I’ve long wondered what we Canadians have done to deserve the annual punishment we call winter. For a nation of people known across the globe for being friendly, polite, and for the most part peaceful, we are certainly treated poorly by Mother Nature from December through March each year.
Snow packed sidewalks, ice covered roads, frigid temperatures, and unfriendly winds are not my idea of a “winter wonderland”.
It is quite possible that this nagging flu bug and the frigid weather wouldn’t bother me quite so much if it weren’t also municipal budget season.
We’ve been spoiled in recent years by Meaford’s management team, as budgets have been presented, debated, and approved before Santa has even begun loading his sleigh.
Heading out to an evening budget meeting is a much more pleasurable experience when you don’t need to have layers of clothing that still somehow don’t prevent shivering in the car; when you don’t need to dig out before heading out; when you don’t need to scrape the inside of your windshield.
An early budget wasn’t in the cards this year due to the October municipal election, so weather permitting is how these meetings have to be held, and I must say, as cranky as I am about winter, the budget process though later than ideal, has gone pretty smoothly thus far – though given all the bluster created by a supposedly tax-exhausted community, attendance at the public budget presentations has been surprisingly low.
Whether the weather has had anything to do with the lack of attendance at these meetings is difficult to say. The meetings so far have been free of snow storms, but even sans storm, who really wants to leave the comfort of home for a hard chair in a community hall?

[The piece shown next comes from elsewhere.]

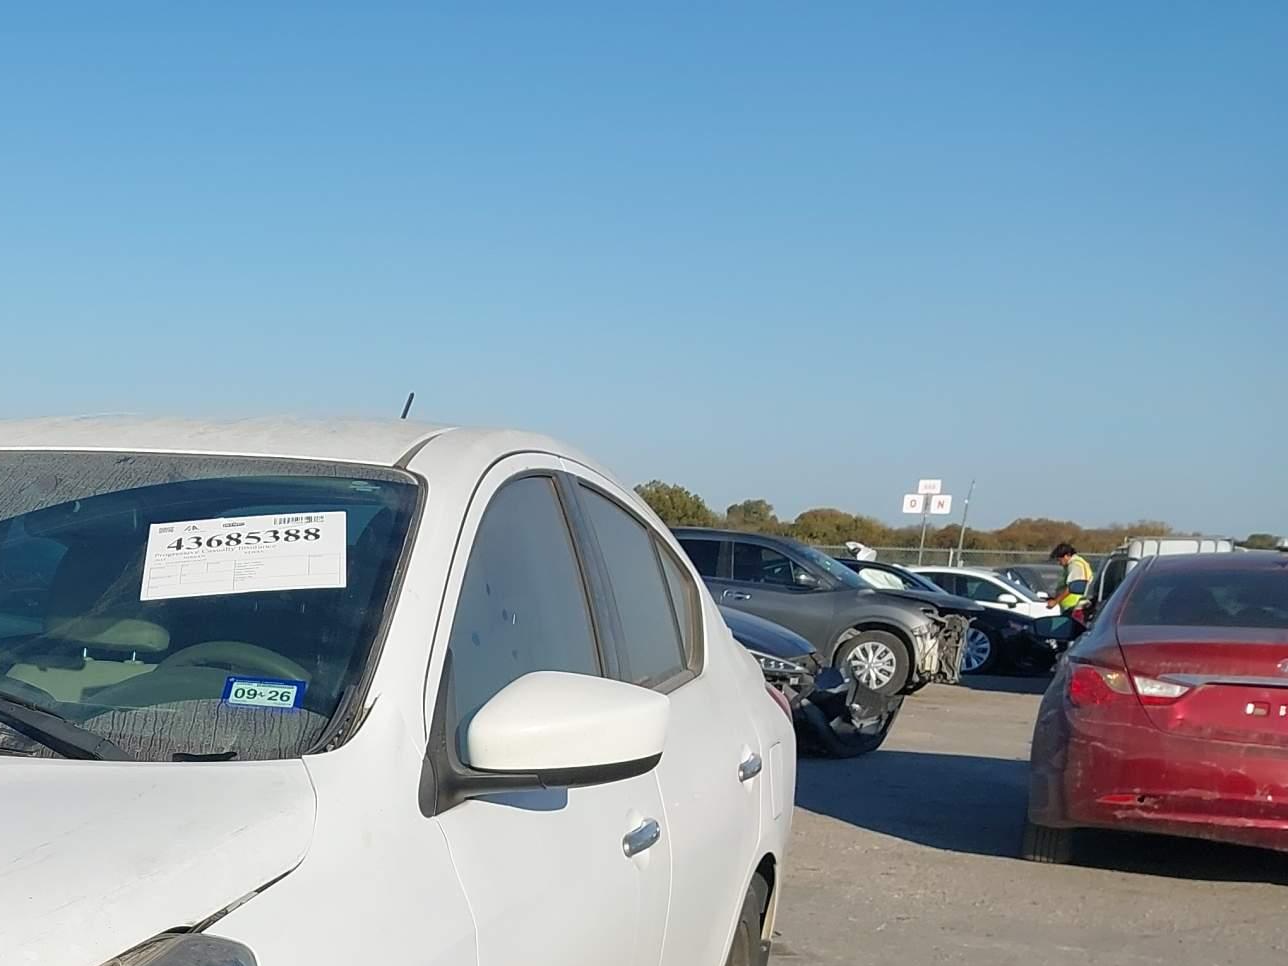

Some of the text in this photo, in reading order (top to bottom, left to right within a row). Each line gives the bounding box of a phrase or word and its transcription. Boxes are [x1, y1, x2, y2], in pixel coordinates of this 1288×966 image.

[167, 527, 321, 551] 43685388
[233, 687, 291, 702] 09 26
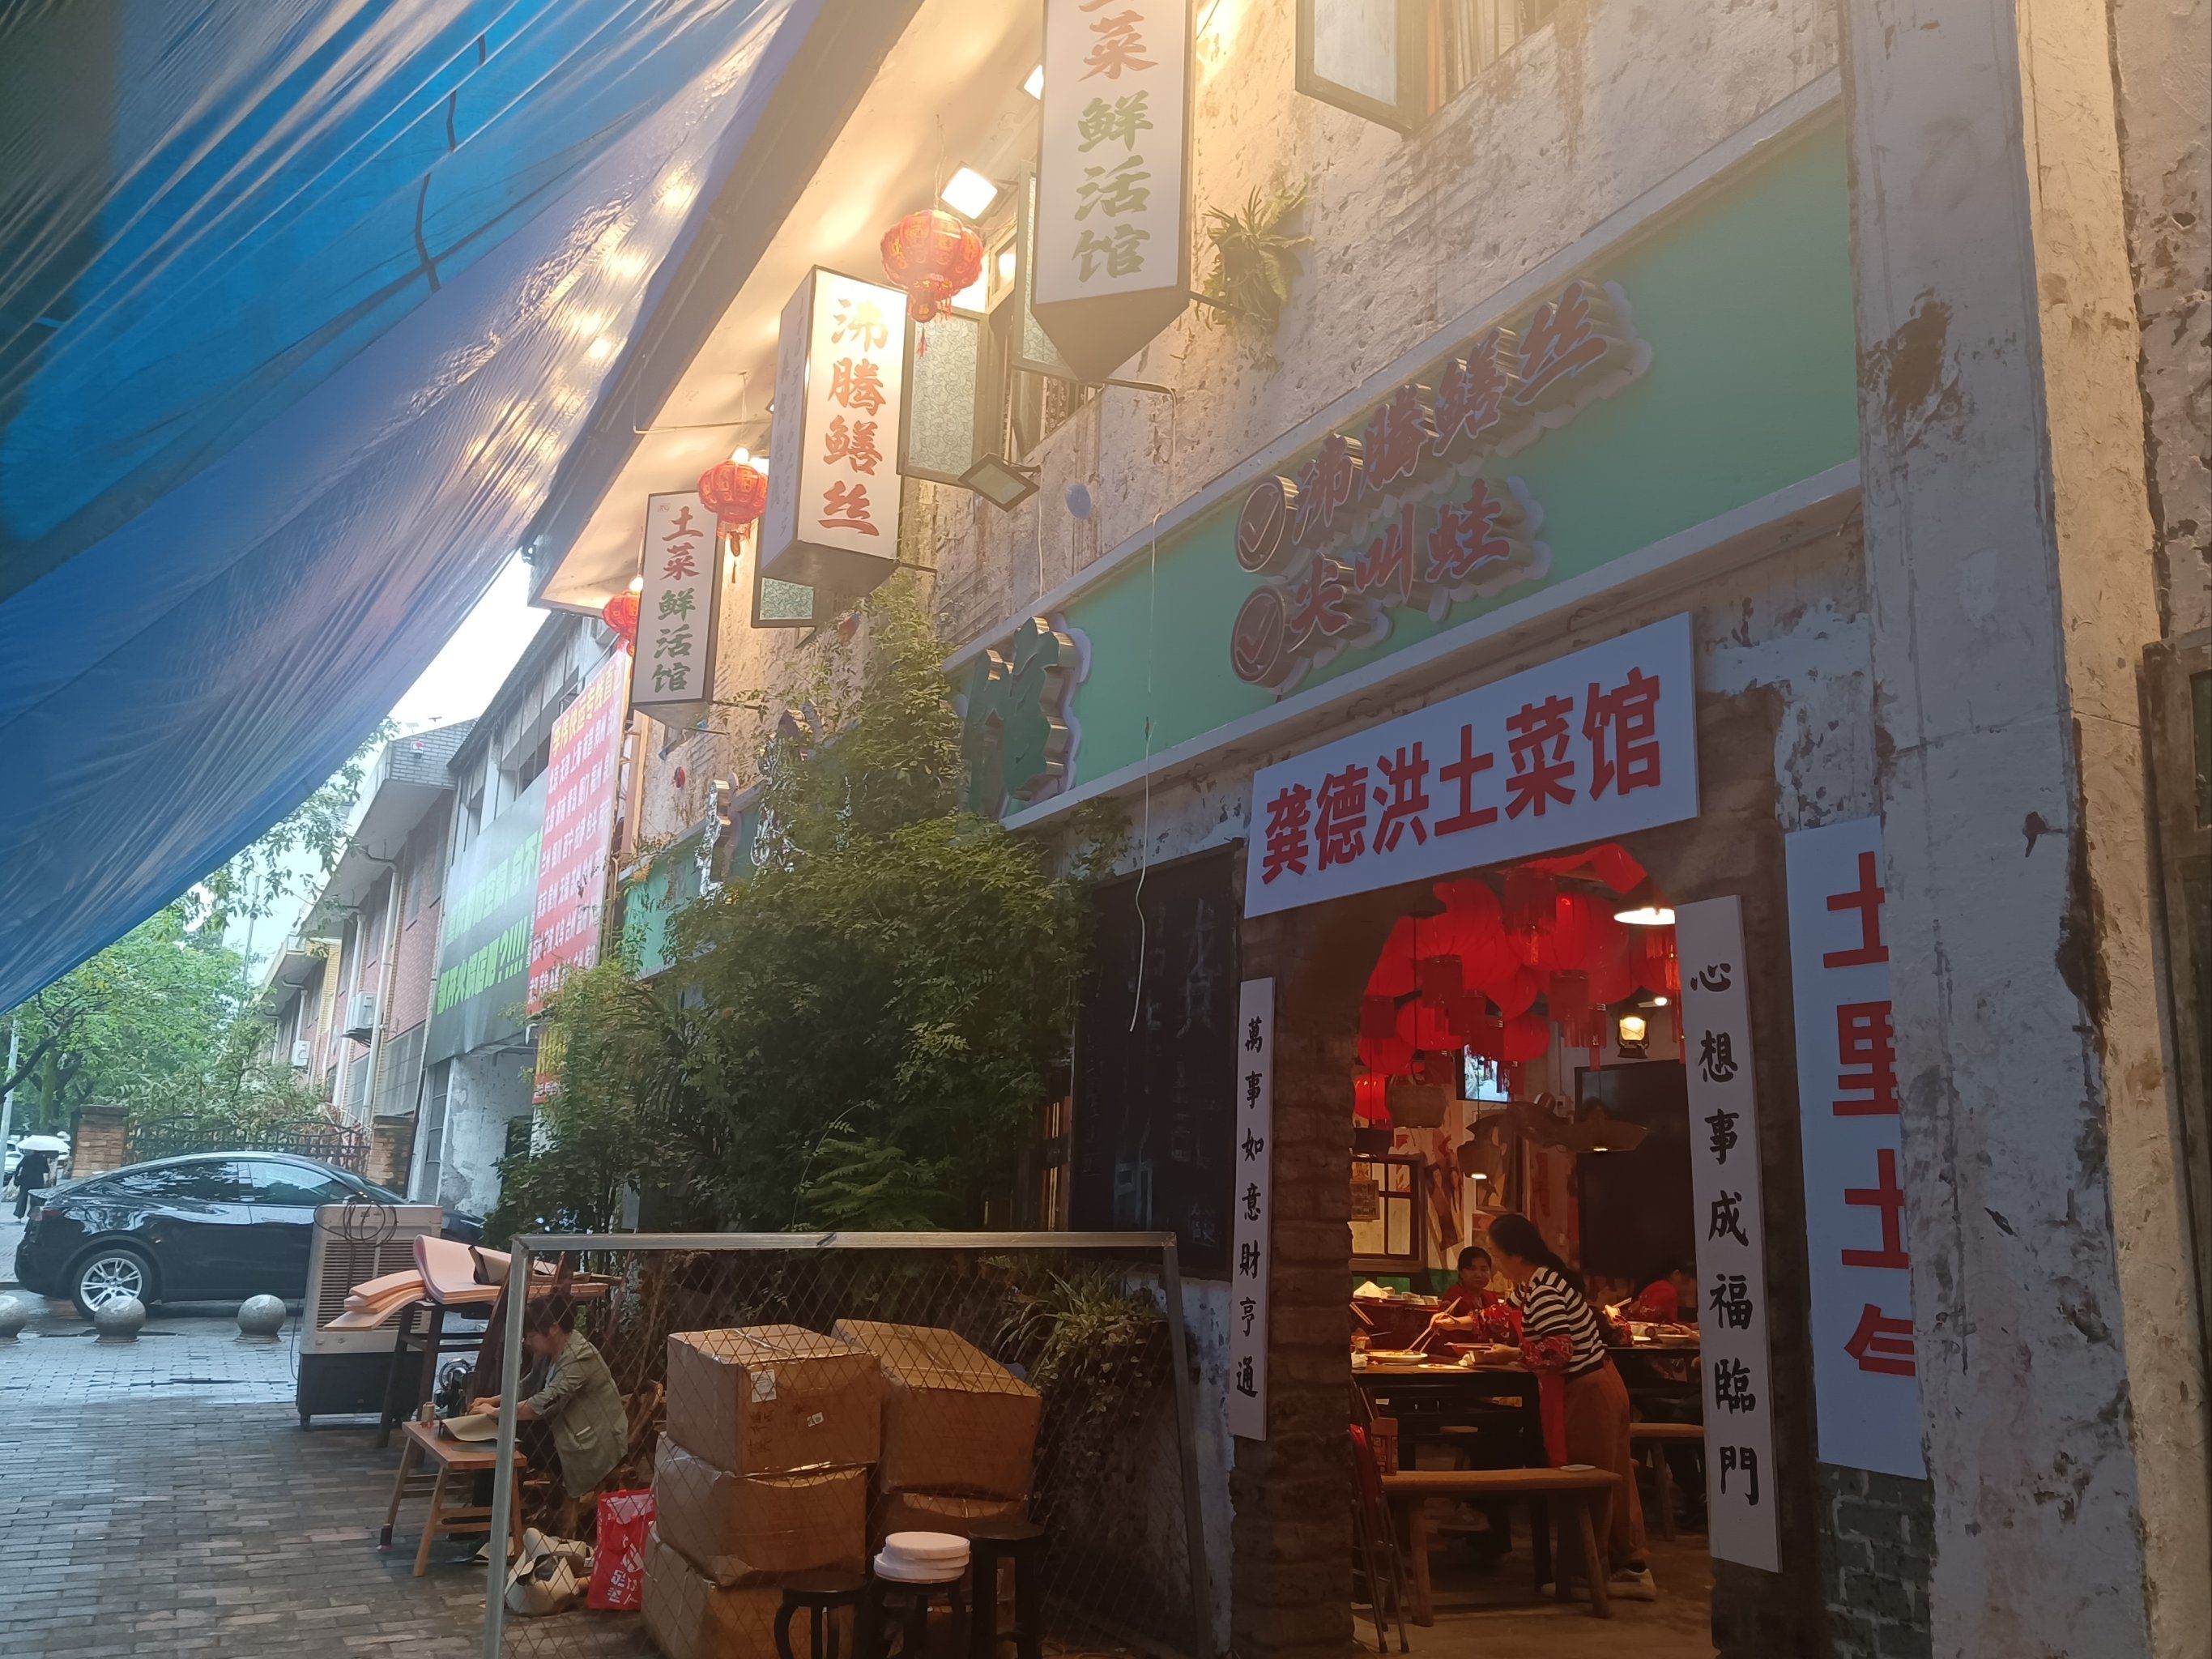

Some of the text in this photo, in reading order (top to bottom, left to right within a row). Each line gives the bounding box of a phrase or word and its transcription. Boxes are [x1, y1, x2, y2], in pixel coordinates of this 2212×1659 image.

The next meeting is on Monday February 2 at 3 pm in the council chamber, and it is an important meeting as members of council will be reviewing and deliberating the 2015 budget – meaning they will actually debate and offer opinions and ideas. This will be our first real opportunity to see what this newly elected council brings to the table with regard to debating a budget. If there was a meeting worth bundling up and heading out into the frigid February air, this would be the one.
While the budget on the whole seems to be a pretty solid and responsibly crafted budget, there are always tweaks that can be made, there are cuts that can be entertained, and there are priorities to debate. Will this council respond to the pressure to cut costs, or reduce staff? Will council ask staff to find efficiencies in order to direct more money to roads? Will council examine the various departments with a fine tooth comb?
One never knows, but we can probably bank on an inappropriately lengthy and boisterous debate about the proposed 50 cent bag tag increase. An item that amounts to a whopping $35,000 on a $13 million budget.
Those wishing to express their own views on the budget will have one final chance on February 9 at 7 pm at Meaford Hall when the mandatory public meeting is held prior to the anticipated budget approval date of March 2.
Winter weather aside, these meetings are important, and the effort made by those who attend and share their ideas is well worth it.